*** EXCERPTED RECORDS Section Begins ***

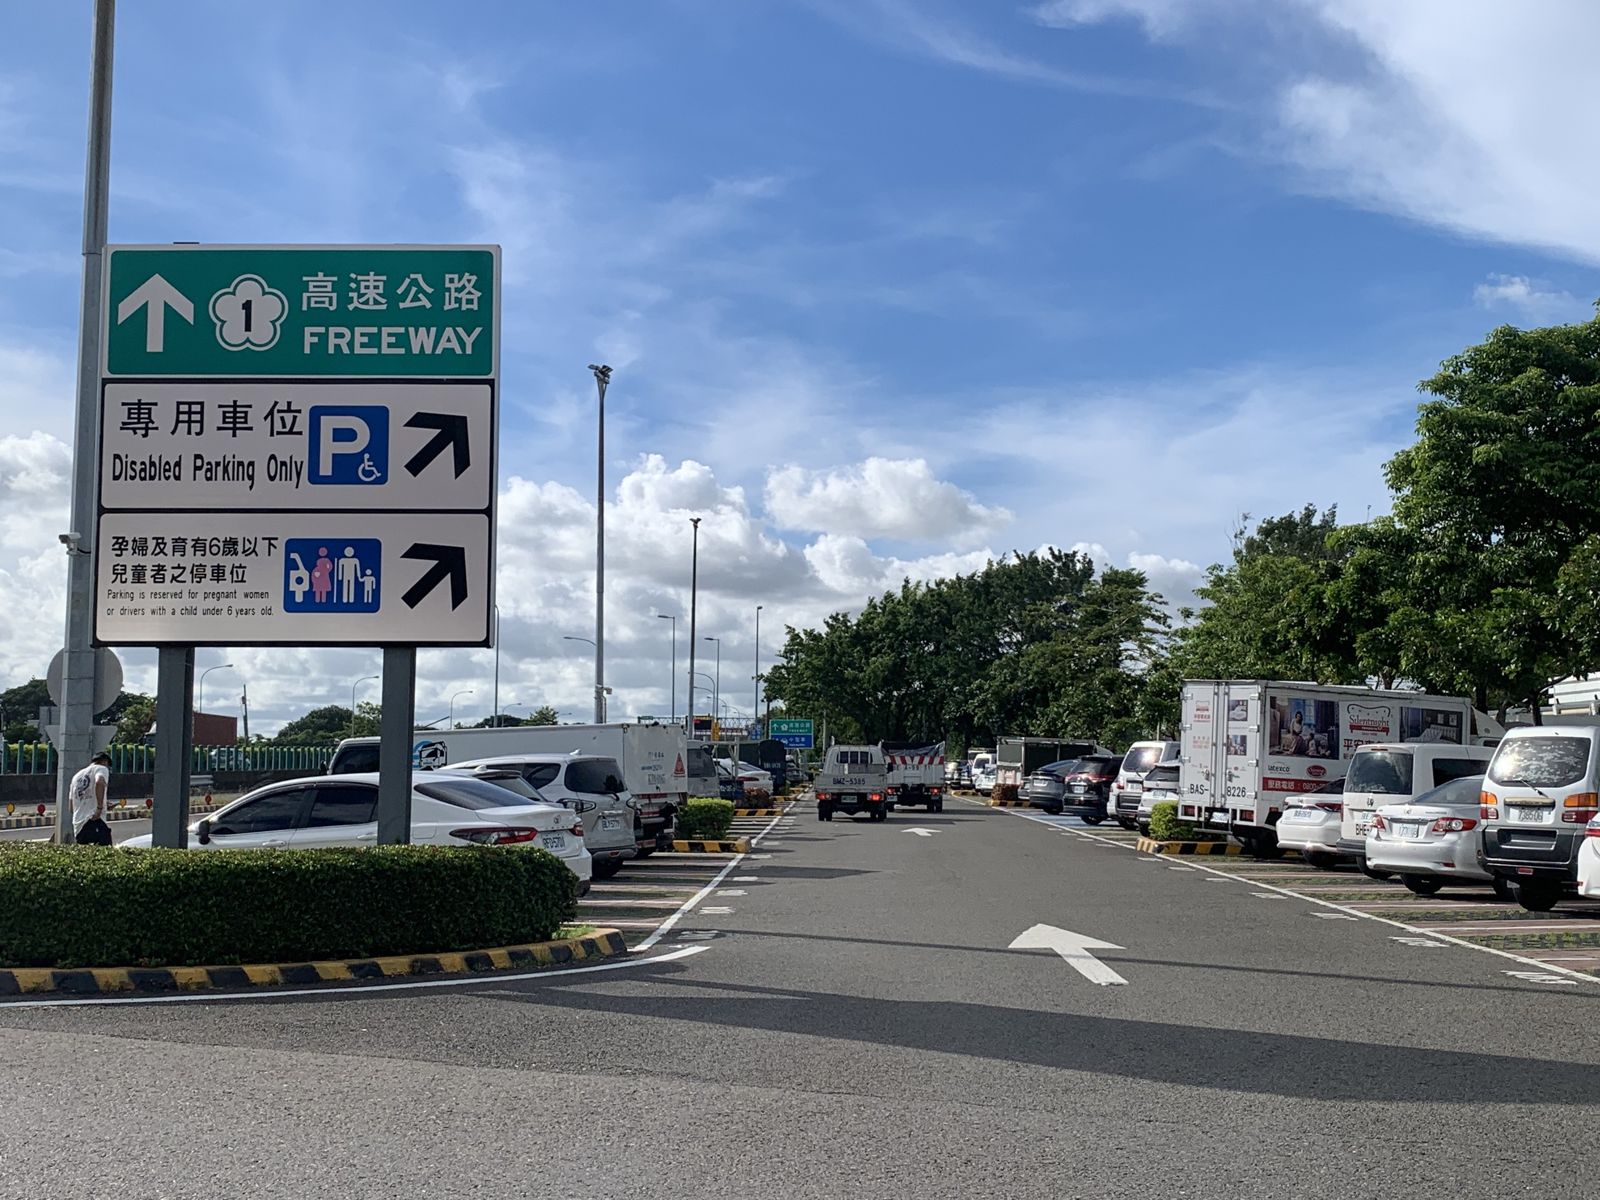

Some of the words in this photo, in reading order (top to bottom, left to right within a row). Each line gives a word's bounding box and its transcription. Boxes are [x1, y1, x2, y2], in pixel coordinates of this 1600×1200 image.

[301, 271, 483, 311] 高速公路
[240, 299, 253, 333] 1
[303, 326, 484, 355] FREEWAY
[119, 398, 305, 439] 專用車位
[318, 414, 371, 477] P
[111, 453, 182, 482] Disabled
[192, 453, 256, 491] Parking
[266, 454, 305, 489] Only
[111, 535, 279, 557] 孕婦及育有6歲以下
[111, 563, 247, 584] 兒童者之停車位
[106, 588, 135, 602] Parking
[138, 589, 146, 600] is
[149, 589, 184, 600] reserved
[187, 588, 199, 600] for
[203, 588, 238, 602] pregnant
[243, 590, 270, 600] women
[106, 607, 115, 616] or
[119, 605, 146, 616] drivers
[150, 605, 167, 616] with
[171, 607, 176, 616] a
[180, 605, 198, 616] child
[202, 605, 223, 616] under
[226, 605, 233, 616] 6
[235, 607, 256, 618] years
[260, 605, 274, 616] old.
[1226, 786, 1247, 798] 8226
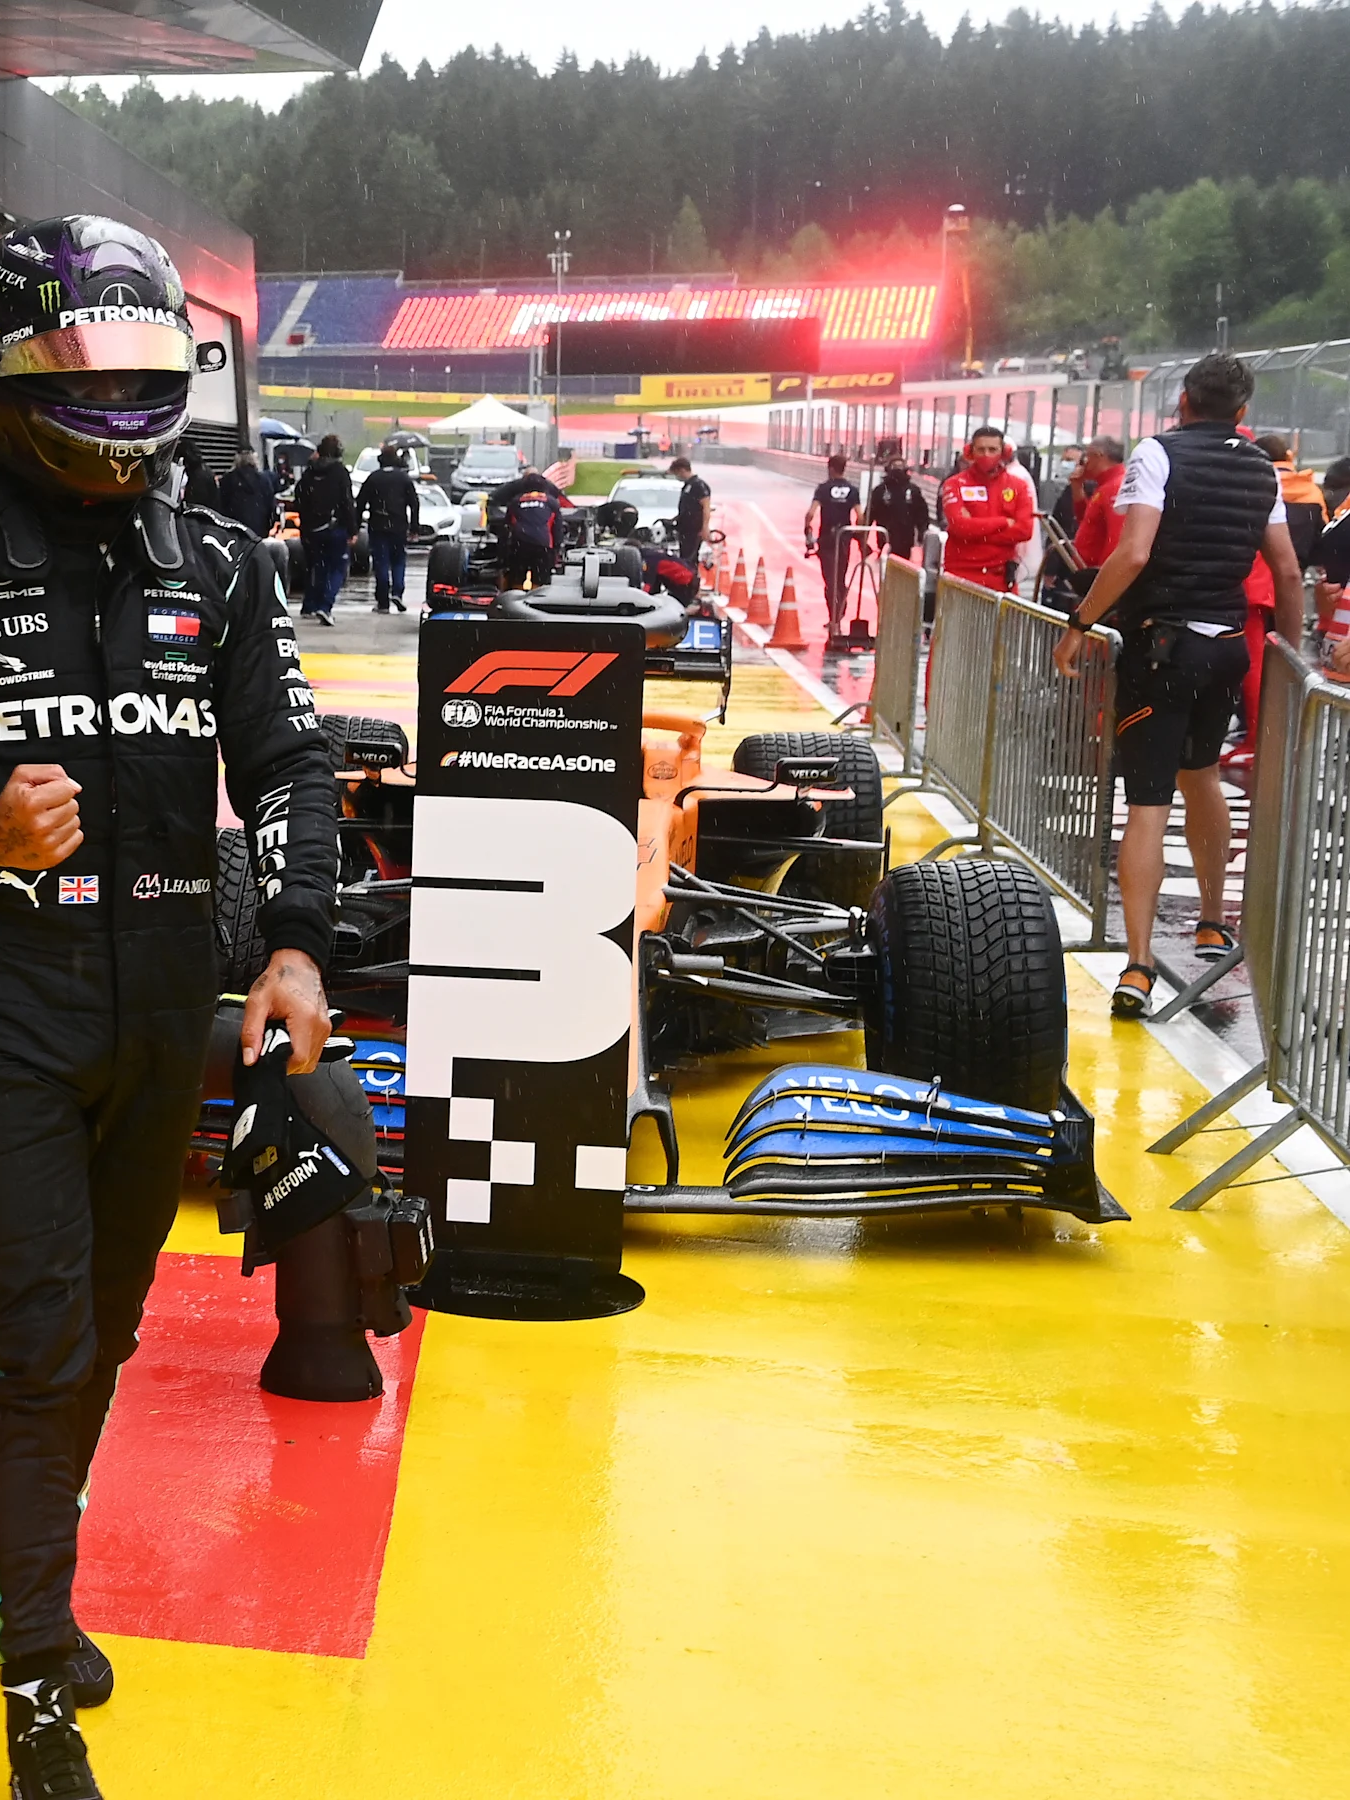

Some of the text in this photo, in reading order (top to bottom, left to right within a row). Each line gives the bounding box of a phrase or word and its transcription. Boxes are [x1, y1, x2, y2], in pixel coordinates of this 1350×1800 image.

*** EXCERPTED RECORDS Section Ends ***

TASK PROMPT ::
Copy the data character for character, but drop all pictures from the copy.

EXERCISE OUTPUT ::
Some of the words in this photo, in reading order (top to bottom, left to right within a row). Each line gives a word's bounding box and its transcription. Boxes are [x1, y1, x2, y2], in pixel coordinates of this 1600×1200 image.

[301, 271, 483, 311] 高速公路
[240, 299, 253, 333] 1
[303, 326, 484, 355] FREEWAY
[119, 398, 305, 439] 專用車位
[318, 414, 371, 477] P
[111, 453, 182, 482] Disabled
[192, 453, 256, 491] Parking
[266, 454, 305, 489] Only
[111, 535, 279, 557] 孕婦及育有6歲以下
[111, 563, 247, 584] 兒童者之停車位
[106, 588, 135, 602] Parking
[138, 589, 146, 600] is
[149, 589, 184, 600] reserved
[187, 588, 199, 600] for
[203, 588, 238, 602] pregnant
[243, 590, 270, 600] women
[106, 607, 115, 616] or
[119, 605, 146, 616] drivers
[150, 605, 167, 616] with
[171, 607, 176, 616] a
[180, 605, 198, 616] child
[202, 605, 223, 616] under
[226, 605, 233, 616] 6
[235, 607, 256, 618] years
[260, 605, 274, 616] old.
[1226, 786, 1247, 798] 8226

Some of the text in this photo, in reading order (top to bottom, left to right within a row). Each line gives the bounding box of a phrase or word and its transcription. Boxes are [x1, y1, x2, y2], in pixel coordinates of this 1350×1800 image.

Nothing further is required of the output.